I think right now, if we triage the annotation/Synapse work out to another PR, that leaves joint calling as the last feature. At a cursory glance, that code is implemented already in this PR. I am concerned about the implementation—the GVCFs we are using for SGDP are O(25GB), so joint calling on a single node is out of the question—@jpfeil, what is the plan for addressing that issue?

I'm proposing the following action items:

@fnothaft: make review pass by end-of-day today
@jpfeil: open ticket to triage out annotation/Synapse work
@jpfeil: write up validation strategy and timeline on this PR (can you do this in time for Monday scrum?)
@jpfeil: explain joint calling architecture and how the joint calling process will get around excessive data volumes
@fnothaft @jvivian @jpfeil: go through together and audit resource requirements passed to GATK stages
@jpfeil: factor out variant filtration calls to toil_scripts.tools library

Does this proposal seem reasonable? CC @briandoconnor for review/work planning.

jpfeil · 2016-08-05T16:46:46Z

Okay that sounds like a good plan. I will add a modified job function that handles running a single sample through the pipeline with VQSR.

fnothaft · 2016-08-05T16:57:11Z

Shouldn't the single sample case fall under the hard filtering? Also, I thought we had an override that allows running <30 samples through VQSR.

fnothaft · 2016-08-05T17:51:37Z

src/toil_scripts/exome_variant_pipeline/exome_variant_pipeline.py

@@ -108,10 +108,10 @@ def preprocessing_declaration(job, config):
        job.fileStore.logToMaster('Ran preprocessing: ' + config.uuid)
        disk = '1G' if config.ci_test else '20G'


Not a change here, but I've seen OOD failures with the preprocessing pipeline in the wild.

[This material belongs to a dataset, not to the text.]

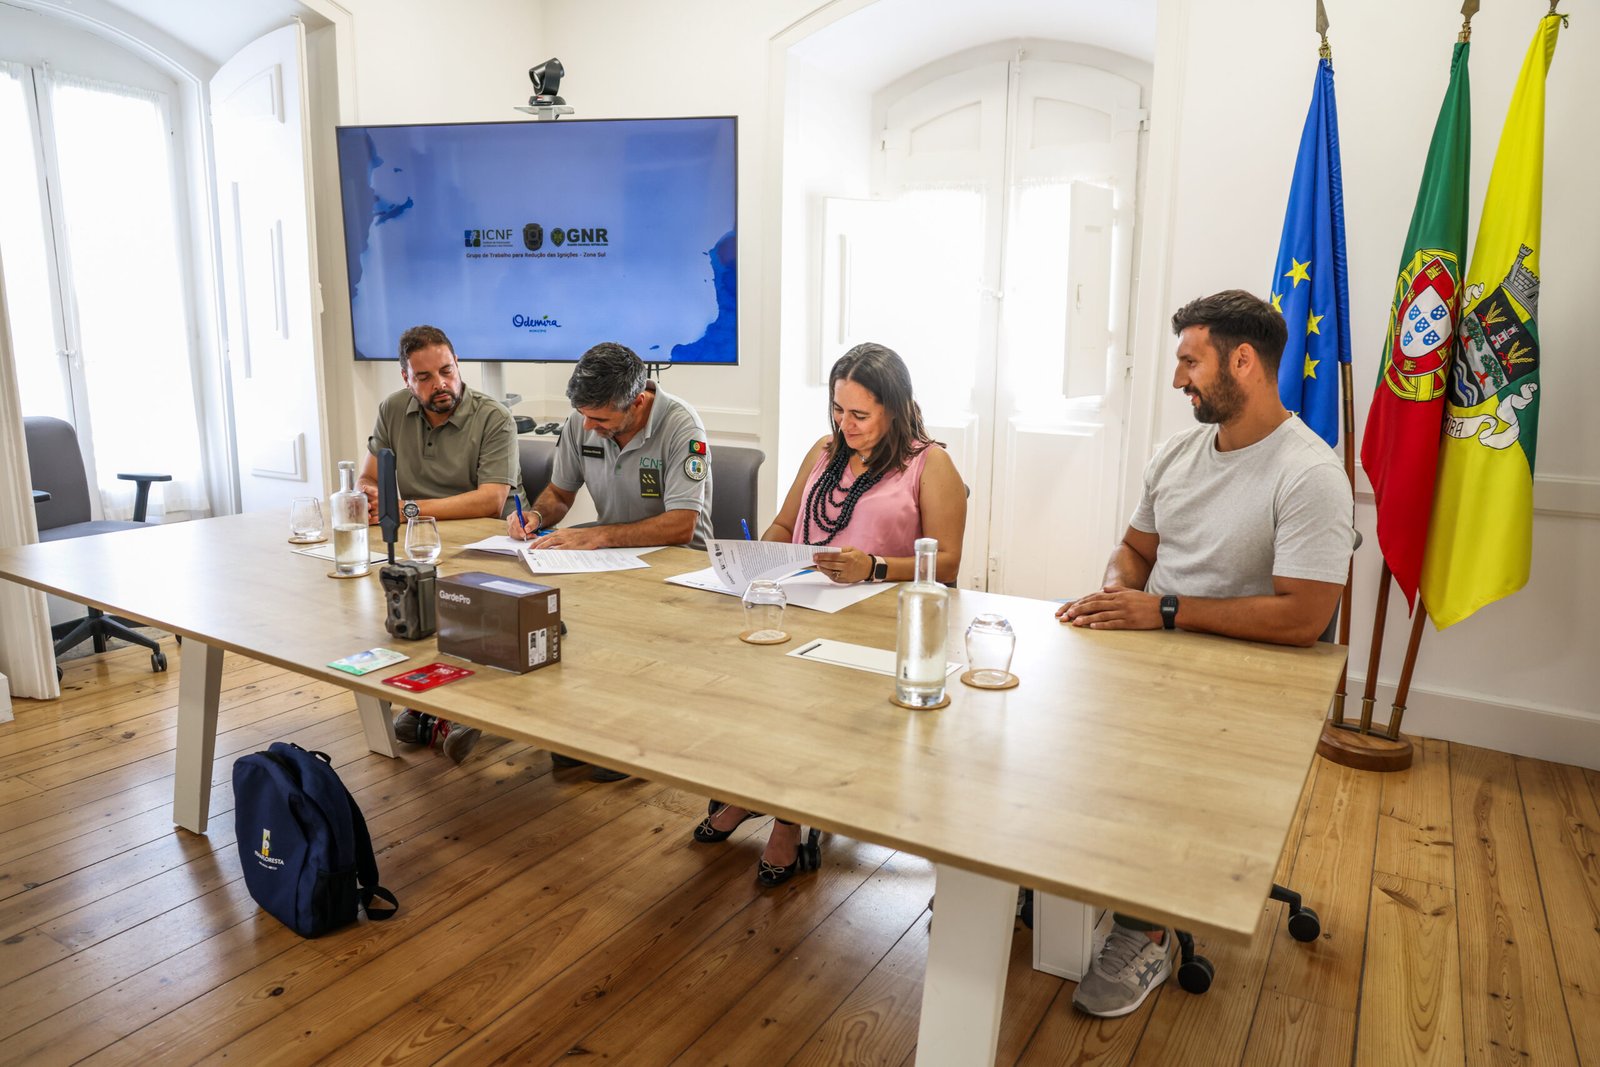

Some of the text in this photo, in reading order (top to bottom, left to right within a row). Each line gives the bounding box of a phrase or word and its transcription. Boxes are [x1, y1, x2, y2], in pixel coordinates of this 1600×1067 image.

[483, 229, 513, 240] ICNF
[567, 228, 608, 242] GNR
[512, 314, 562, 328] Odemira
[439, 590, 471, 605] GardePro

I'll create a note for you me and @jvivian to go through this and audit the disk requirements before merging.

jpfeil · 2016-08-05T18:05:54Z

I can add a check to see if there are enough variants in the sample before running VQSR. Can you send me a description of your samples?

fnothaft · 2016-08-05T18:25:48Z

src/toil_scripts/gatk_germline/germline.py


+    elif {ext1, ext2} & {'.bam'}:


Add SAM/CRAM too?

jpfeil · 2016-09-23T00:43:22Z

The test passed @jvivian

jvivian · 2016-09-22T21:37:50Z

src/toil_scripts/gatk_germline/common.py

@@ -0,0 +1,32 @@
+#!/usr/bin/env python2.7


Why is this in its own .py?

To prevent circular imports

jvivian · 2016-09-22T21:44:05Z

src/toil_scripts/gatk_germline/germline.py

-    :param work_dir: working directory
-    :param ids: shared file promises, dict
-    :param filenames: remaining arguments are filenames
+class GermlineSample(namedtuple('GermlineSample', 'uuid url paired_url rg_line')):


I don't quite understand this — Why not just use a Namespace object for every sample?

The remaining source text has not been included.